Il dilemma è aperto e a tornare sull’argomento questa volta è un articolo pubblicato dalla rivista scientifica Lancet Oncology, che ripropone la colongrafia tomografica computerizzata (meglio nota come colonscopia virtuale) come test di screening per i tumori del colon.

La maggioranza dei carcinomi colorettali si sviluppano da polipi, si possono prevenire e sono curabili mirando alla guarigione. Eppure questa forma di neoplasia resta un big killer, la seconda causa di morte per cancro in Europa: un problema in gran parte legato alla riluttanza della popolazione nei confronti della colonscopia tradizionale.

Secondo gli esiti della ricerca guidata da Eveline Dekker e Jaap Stoker dell’Academic Medical Centre di Amsterdam «offrire la colonscopia virtuale agli individui a rischio di tumore aumenta di oltre il 50 per cento la partecipazione della popolazione allo screening, perché è un esame meno invasivo di quello tradizionale e incoraggia le persone a sottoporsi regolarmente ai controlli».

Secondo gli studiosi olandesi – spiega il “Corriere della Sera” – entrambe le tecniche sono efficaci, per cui lasciare agli interessati la scelta della metodica a cui sottoporsi potrebbe aumentare notevolmente il numero di diagnosi precoci e, dunque, di vite salvate. In Italia lo screening per il tumore al colon prevede l’invito ogni due anni di tutti i cittadini fra i 50 e i 70 anni a effettuare gratuitamente il test per la ricerca del sangue occulto nelle feci (Sof). Secondo i dati dell’Osservatorio nazionale screening, nel 2010 soltanto il 40 per cento degli italiani interessati ha ricevuto l’invito e soltanto il 29 per cento (aumento di due punti rispetto alla rilevazione dell’anno precedente) dichiara di aver effettuato il test (il 44 per cento al Nord, il 31 al Centro e solo l’11 al Sud). Usufruire dello screening è semplice (si raccoglie un campione di feci, lo si consegna alla farmacia più vicina e si riceve l’esito a casa per posta) e il test Sof è poco costoso per il Servizio sanitario.

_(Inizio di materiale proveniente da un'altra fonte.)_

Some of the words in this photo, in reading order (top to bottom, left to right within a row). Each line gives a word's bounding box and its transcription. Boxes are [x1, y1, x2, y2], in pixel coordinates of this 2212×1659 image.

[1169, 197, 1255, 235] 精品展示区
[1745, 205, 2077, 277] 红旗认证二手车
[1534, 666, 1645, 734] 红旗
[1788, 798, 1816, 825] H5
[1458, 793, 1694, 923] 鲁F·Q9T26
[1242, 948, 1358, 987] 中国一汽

In caso di test positivo si viene convocati per una colonscopia che possa chiarire meglio le anomalie rilevate, ma solo la metà circa delle persone con Sof positivo ha un tumore. «I ricercatori stanno cercando da tempo di mettere a punto un Sof più preciso, — spiega Cristiano Crosta, direttore della Divisione di endoscopia all’Istituto europeo di oncologia di Milano (Ieo) — che abbia un marker in grado di indicare se si tratta di un tumore benigno o maligno, per poter inviare alla colonscopia solo chi ne ha davvero bisogno».

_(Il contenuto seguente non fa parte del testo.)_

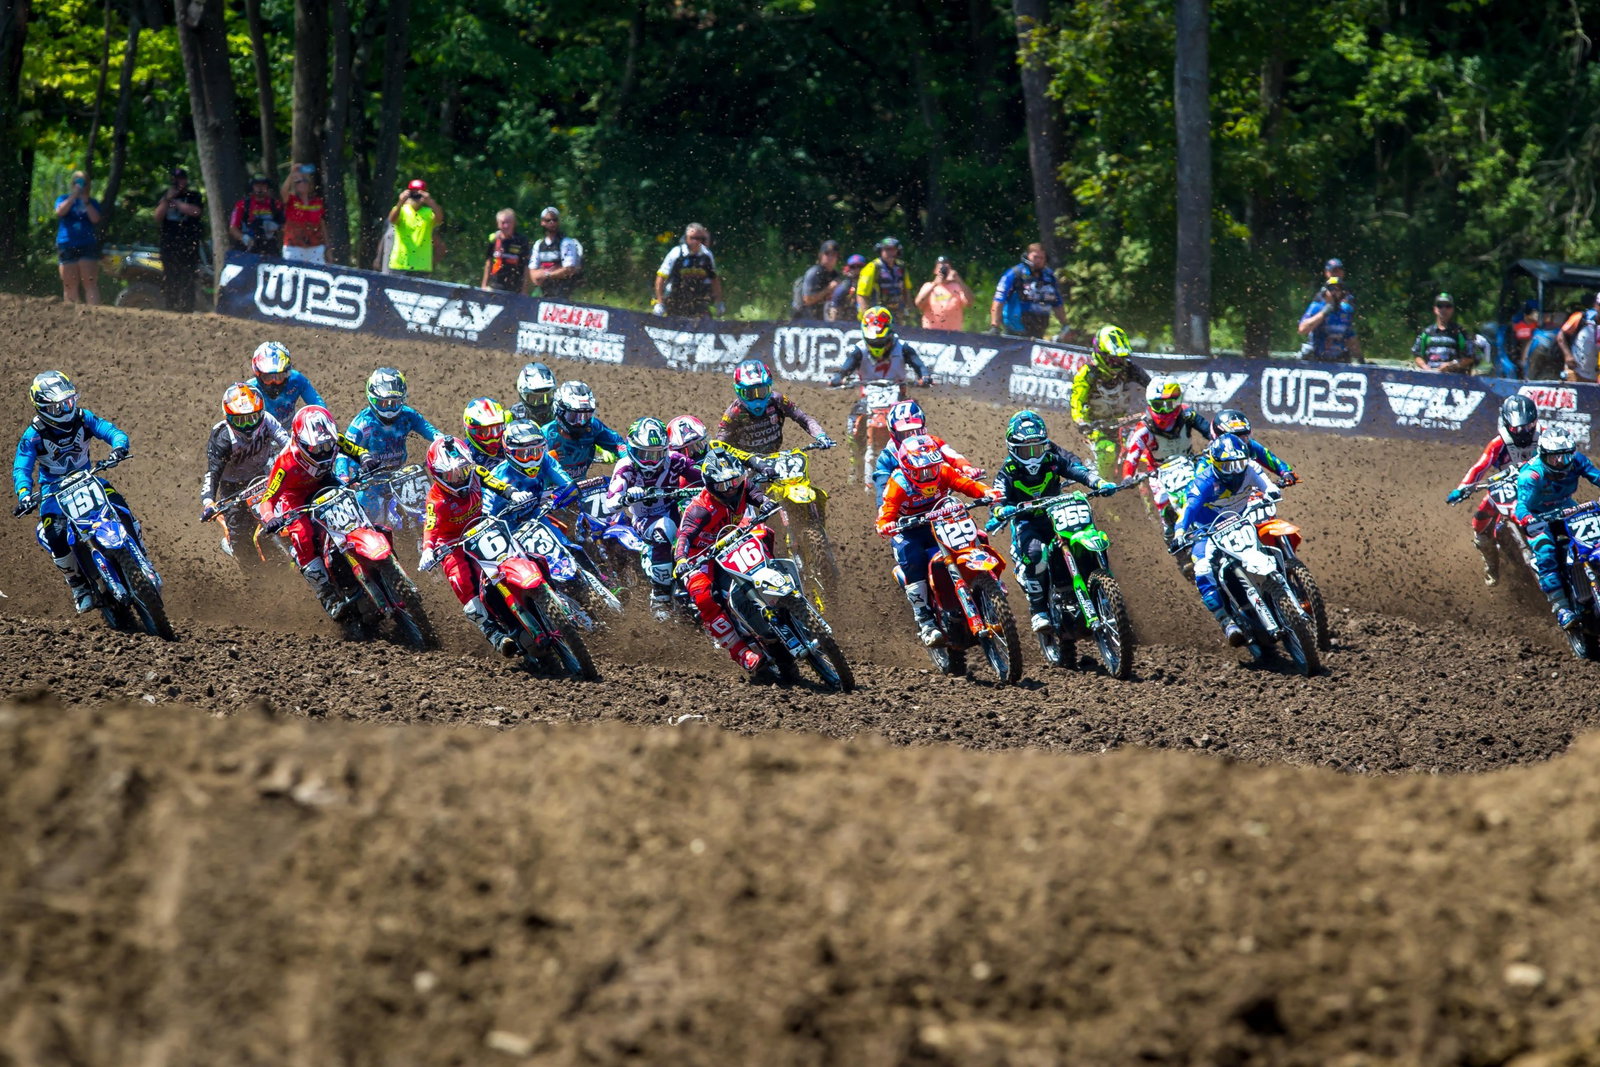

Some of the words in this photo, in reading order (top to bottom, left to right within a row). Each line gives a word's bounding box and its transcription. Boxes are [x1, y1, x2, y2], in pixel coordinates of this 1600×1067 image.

[255, 263, 368, 330] WPS
[384, 288, 504, 332] FLY
[542, 305, 583, 326] LUCAS
[406, 322, 478, 342] RACING
[644, 326, 760, 366] FLY
[1261, 367, 1367, 428] WPS
[1381, 382, 1486, 421] FLY
[1396, 415, 1462, 431] RACING
[60, 482, 105, 519] 191
[1051, 504, 1091, 531] 355
[1568, 516, 1600, 540] 23
[478, 529, 507, 560] 6
[936, 519, 978, 548] 129
[728, 541, 763, 573] 16

L’avversione nei confronti della colonscopia tradizionale è motivata soprattutto dal timore della sofferenza che può essere causata dal test (si esplora l’intestino attraverso un tubo flessibile introdotto per via anale), sebbene sia prevista una leggera sedazione che consente di non sentire dolore per la durata dell’esame (in media circa mezz’ora). Con la tecnica virtuale, invece, questo problema non si pone. In realtà, però, la parte più fastidiosa dell’esame è la preparazione (comune a entrambe le metodiche) che prevede di bere il giorno precedente al test circa 3 o 4 litri di liquidi che causano diarrea, indispensabile per “pulire” l’intestino in modo che le sue pareti siano meglio visibili. «I vantaggi della colonscopia virtuale — aggiunge Crosta — sono limitati al fatto che non viene introdotto l’endoscopio e dunque non serve la sedazione perché non può esserci alcun fastidio o dolore. Ma serve sempre una preparazione, seppure più leggera, e l’accuratezza è leggermente minore».

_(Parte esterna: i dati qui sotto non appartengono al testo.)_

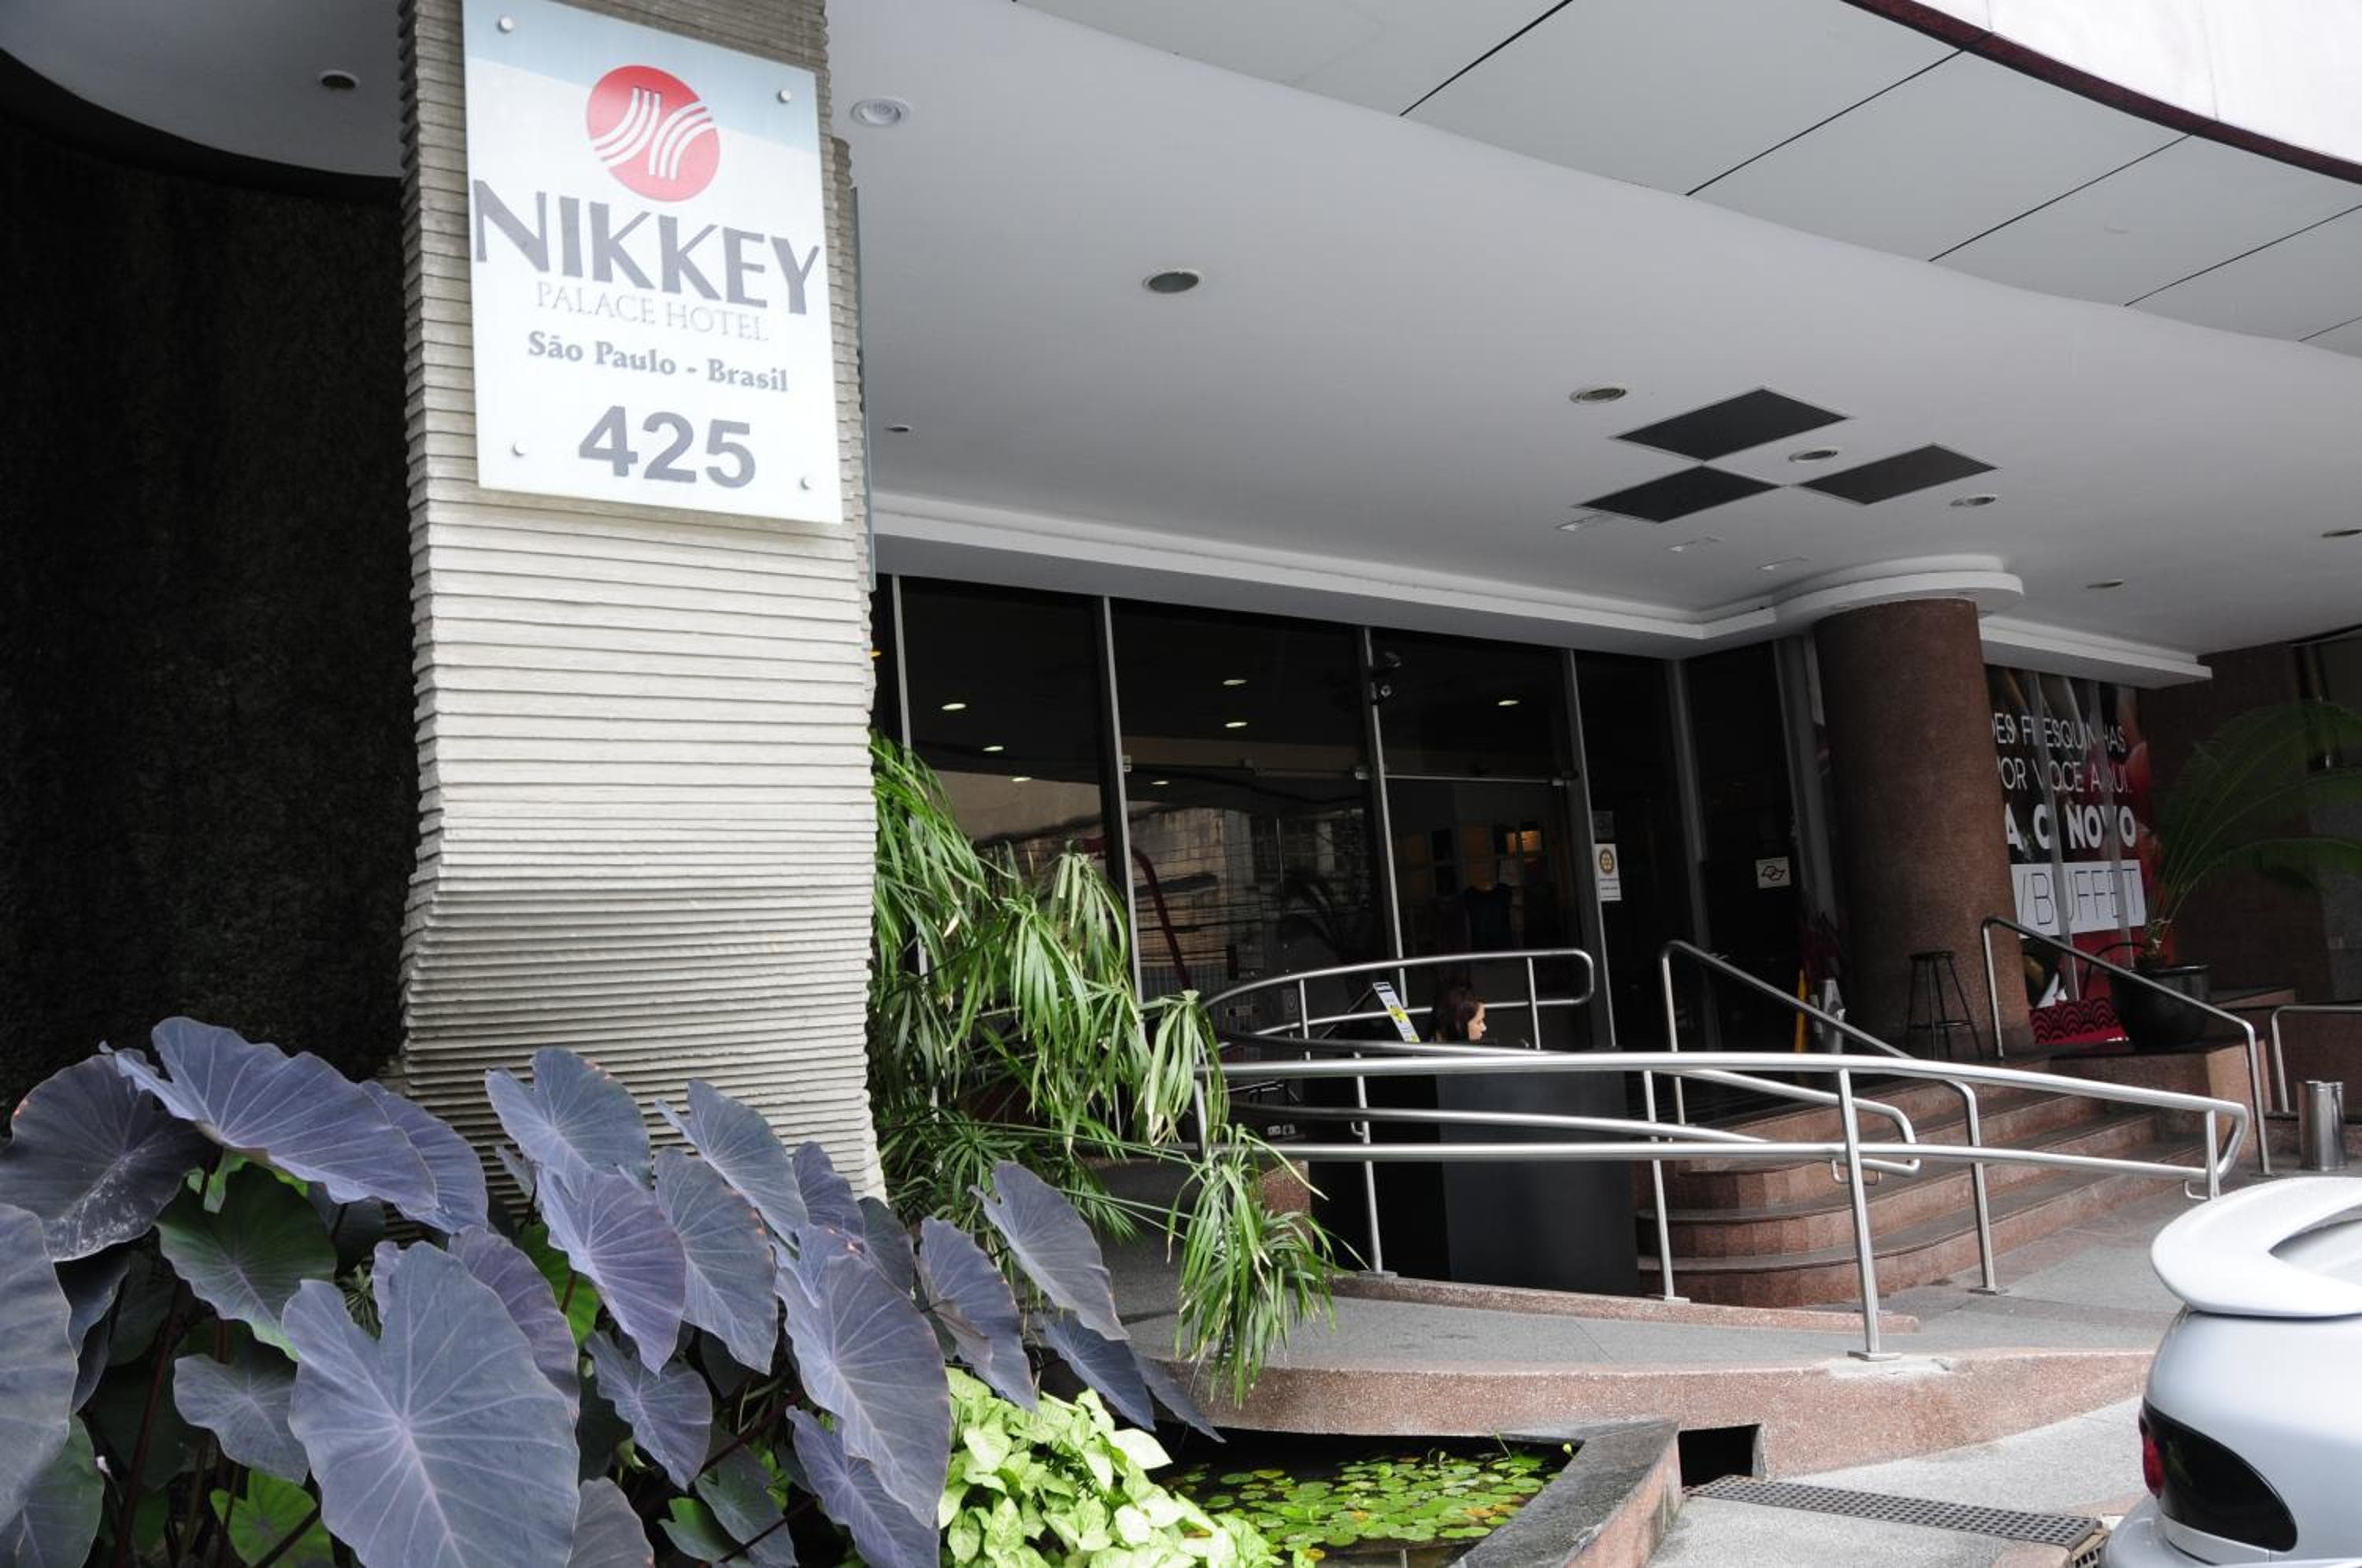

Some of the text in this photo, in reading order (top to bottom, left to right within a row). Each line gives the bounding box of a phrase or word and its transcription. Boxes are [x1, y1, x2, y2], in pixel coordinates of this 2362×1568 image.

[473, 179, 820, 315] NIKKEY
[536, 281, 769, 342] PALACE HOTEL
[528, 330, 583, 363] São
[595, 340, 676, 376] Paulo
[707, 358, 788, 393] Brasil
[579, 405, 757, 490] 425
[1991, 712, 2016, 744] ES
[2065, 804, 2137, 850] NOVO

In caso di dubbi bisogna poi comunque sottoporsi al test tradizionale, «che ha invece — conclude Paolo Bianchi, direttore dell’Unità di Chirurgia Mini-Invasiva Ieo — un pregio innegabile: contestualmente all’esame vengono rimossi eventuali polipi (in base al loro numero e alle dimensioni vengono previsti ad hoc i successivi controlli preventivi) e, salvo rare eccezioni, garantisce protezione per i seguenti 10 anni». Ecco perché, a fine diagnostico e terapeutico, gli esperti consigliano a tutti i cinquantenni di sottoporsi a una colonscopia.